Loyola University Chicago boasted the Martin D’Arcy Collection of Medieval, Renaissance and Baroque Art and under the inspired leadership of Pamela Ambrose broadened its mission as the Loyola University Museum of Art “to explore and promote the spiritual in art of all faiths and cultures.” (Unfortunately, the university announced earlier this year that the museum was “closing to the public” and would potentially be restructured for alternative uses.) Smaller galleries also play important cultural and educational roles at other schools: Loyola Marymount University’s Laband Art Gallery has mounted “Confess: An Installation by Trina McKillen,” giving voice to young victims of sexual abuse, and Fairfield University’s new Art Museum (2010) had a stunning show on the art of the Gesù Church in Rome as part of the university’s 75th anniversary celebration.

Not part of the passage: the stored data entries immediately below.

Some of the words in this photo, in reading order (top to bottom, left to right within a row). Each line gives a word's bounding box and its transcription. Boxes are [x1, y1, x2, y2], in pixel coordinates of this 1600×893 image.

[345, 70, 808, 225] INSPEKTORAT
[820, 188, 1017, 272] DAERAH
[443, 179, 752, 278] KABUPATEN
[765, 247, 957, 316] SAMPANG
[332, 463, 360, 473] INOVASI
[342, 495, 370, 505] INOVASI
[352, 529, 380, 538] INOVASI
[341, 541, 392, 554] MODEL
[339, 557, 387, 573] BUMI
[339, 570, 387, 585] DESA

Among them all, the Museum of Contemporary Religious Art at St. Louis University, known as Mocra, stands out for its singular focus on contemporary religious art that is genuinely interfaith—ecumenical in the widest sense of the term. While studying at the Graduate Theological Union in Berkeley, Calif., in 1985, Mocra’s founder, Terrence Dempsey, S.J., imagined a thesis in art history that would explore the religious dimensions of German Expressionism. A chance remark from a former student caused him to shift his focus to the art of the present, and soon a succession of encounters with like-minded curators and gallerists led him to discover a whole catalog of artists engaged with the religious dimension of experience, 11 of whom he discussed in his doctoral dissertation, “The Pursuit of the Spirit: The Re-Emergence of Spiritual Concerns in American Art in the 1980s.”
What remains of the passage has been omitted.